As Australia reflects on the recent federal election and International Women’s Day, we’re offered a timely chance to ask not just who holds political power, but who is seen to hold it. Dr Claudia Escobar Vega, a Lecturer in Arts and Cultural Management at Deakin Business School, explores a striking phenomenon around what Australian children draw when asked to depict a leader.

For decades, the phrase “faceless men” has symbolised the shadowy male powerbrokers of Australian politics, those who influence from behind closed doors, away from public scrutiny. But today, another kind of facelessness is quietly shaping our democracy, our future democracy: the one unfolding in children’s minds.

Over nearly a decade of research with hundreds of Australian primary school students, I’ve documented a striking phenomenon: when asked to draw a leader, and when they choose to depict a political one, many children, especially girls, either omit women entirely, or depict them without faces. Blank expressions, question marks, blindfolds. I believe these are not one-off curiosities. They are possibly recurring, symbolic omissions that tell us something deeper about gender and power.

The “faceless woman” first emerged in my PhD study An exploratory study of constructions of leadership during childhood in 2018 when I asked over 250 Australian primary school students to draw a leader and two Grade 6 girls depicted female political leaders, one with a question mark for a face, another with hair covering one eye. Since then, I’ve seen this image come back: leaders with no eyes, no mouths, no expression, no identity. In 2022, as part of the Leaders Exhibition among more than 500 students, several girls once again drew faceless female political leaders, some with blank expressions, others replacing facial features with words. One boy drew a female leader inspired by Greta Thunberg. But even then, her face was not human; instead, it was filled with slogans: Recycle, Reduce, Reuse.

Then in 2023, during The Future Leaders Podcast commissioned by FUSE festival, an in-depth project in a different context, the faceless woman appeared again. This time, a girl drew a blindfolded Prime Minister. “I planned to give it bigger ears because a leader listens,” she explained. “I don’t know why I covered the eyes… I just did.”

In contrast, male political leaders are consistently drawn fully formed: suited, poised, powerful. All depicted in clear positions of authority with confident stances, podiums, and assured visibility.

While these are just a handful of examples, I find their recurrence across years, schools, and contexts, noticeable.
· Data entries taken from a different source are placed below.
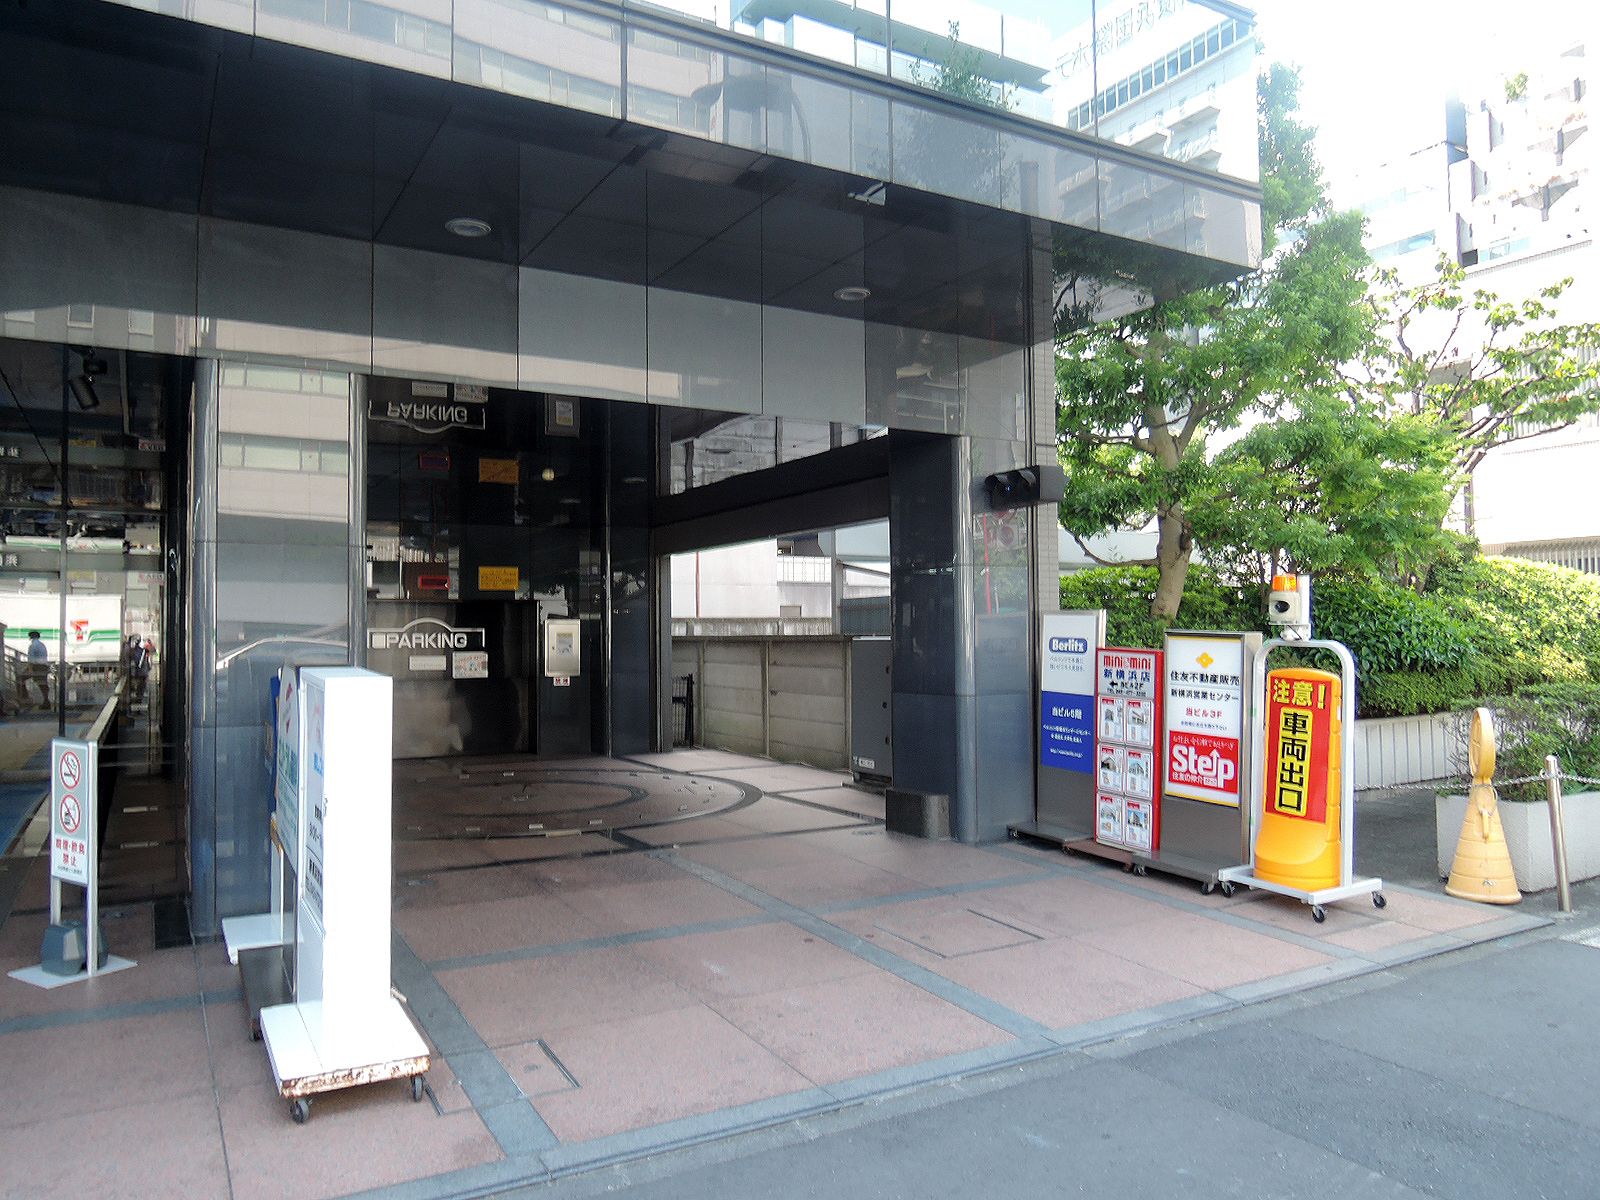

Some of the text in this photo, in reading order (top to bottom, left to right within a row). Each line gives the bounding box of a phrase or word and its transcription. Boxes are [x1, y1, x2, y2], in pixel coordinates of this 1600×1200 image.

[386, 632, 467, 649] PARKING
[1052, 638, 1084, 653] Berlitz
[1103, 655, 1151, 670] mini mini
[1103, 668, 1151, 682] 新横浜店
[1170, 670, 1240, 686] 住友不動産販売
[1171, 688, 1239, 702] 新横浜営業センター
[1185, 707, 1223, 718] 当ビル3F
[1172, 744, 1235, 789] Step
[1278, 711, 1309, 813] 車両出口
That such similar imagery emerges independently seems to point to a deeper cultural script. In my research, I found that children’s perceptions of political leadership are shaped primarily by the media they consume. These early visual patterns may not be incidental; they can clearly reflect the power of first impressions, and the lasting impact of what, and who, is made visible.
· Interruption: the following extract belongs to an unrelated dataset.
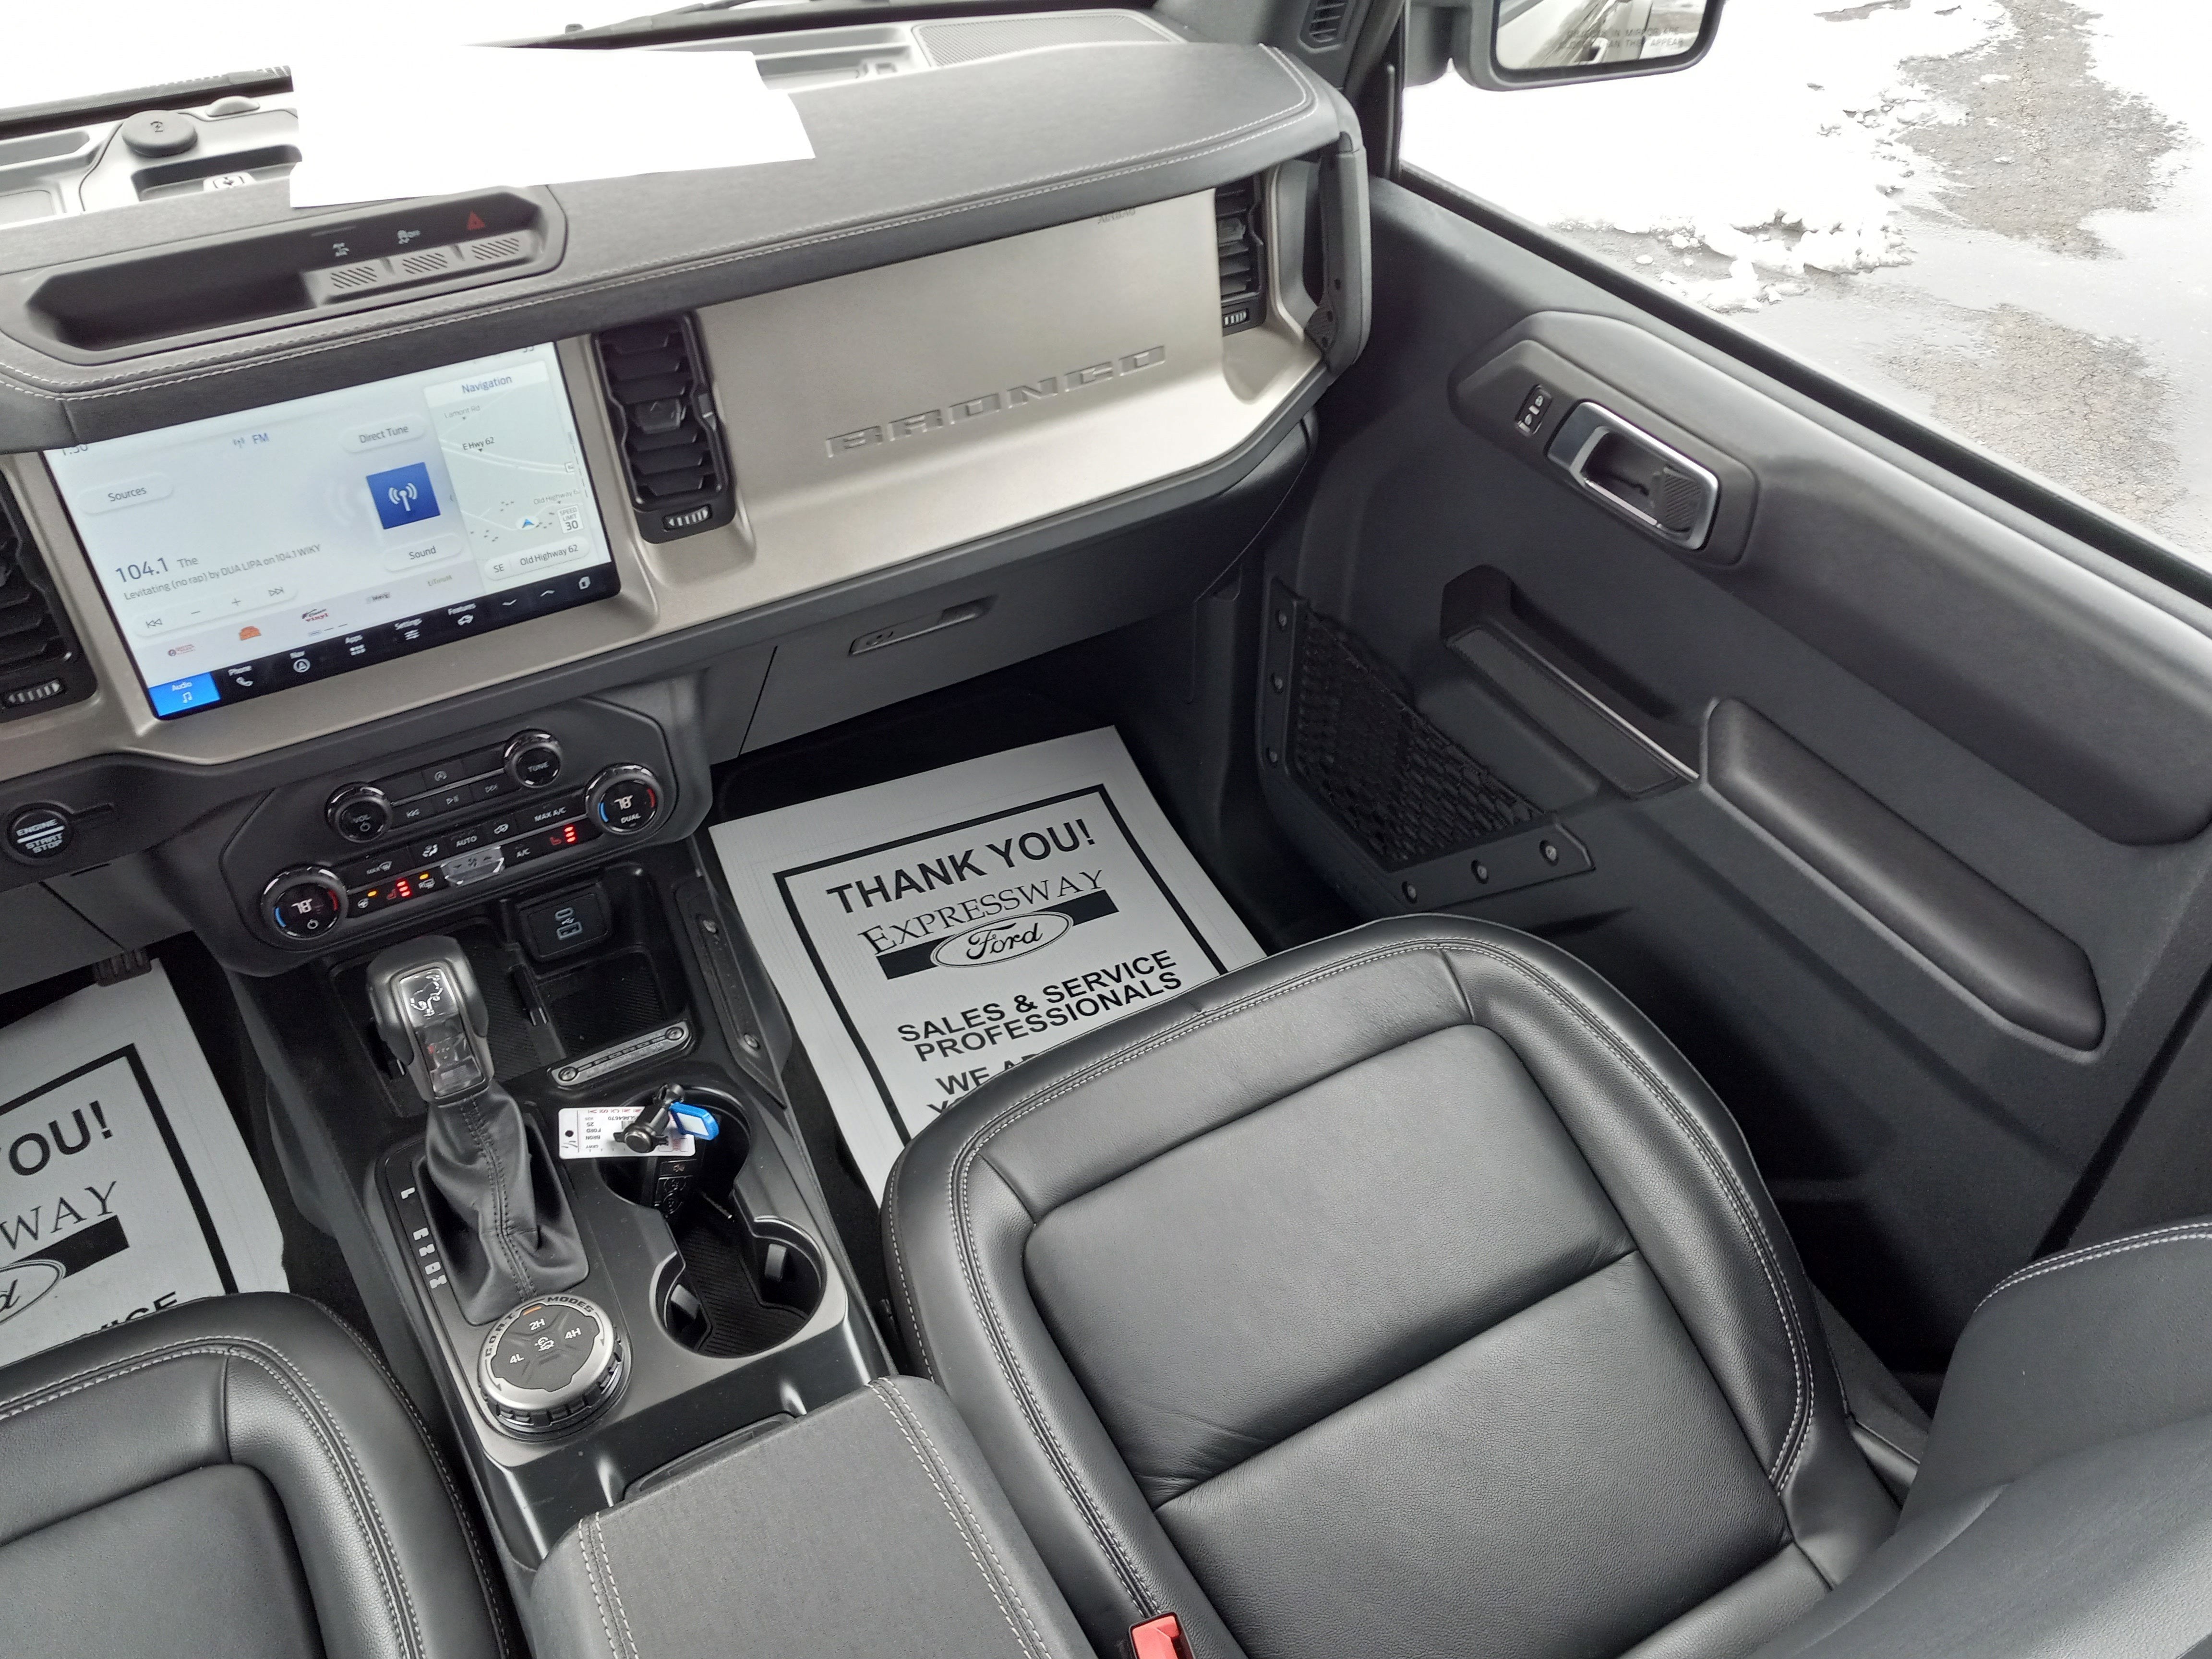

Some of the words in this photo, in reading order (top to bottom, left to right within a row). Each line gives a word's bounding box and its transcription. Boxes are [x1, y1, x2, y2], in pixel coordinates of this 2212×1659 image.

These drawings are more than childhood sketches, they are cultural artefacts, reflecting the invisibility of women in public leadership. As girls approach adolescence, they begin to internalise who they see in positions of power, and overwhelmingly, they see men. In my research, while 70% of younger girls drew women as leaders, that number drops to just 40% by Grade 6. By this age, children increasingly associate leadership with public roles in humanitarian or environmental causes, but their understanding of who occupies those roles is shaped by media and cultural cues. The decline in female representation suggests girls are already adjusting their sense of what’s possible, and who belongs in power.

This isn’t about encouraging children to draw women for equality’s sake, it’s about asking why so many struggle to imagine them at all. And why, when they do, the image is blurred or incomplete.

There’s a chilling symmetry here. Just as “faceless men” work behind the scenes of politics, “faceless women” have been quietly erased from the stage before even arriving. One hides influence, the other erases possibility.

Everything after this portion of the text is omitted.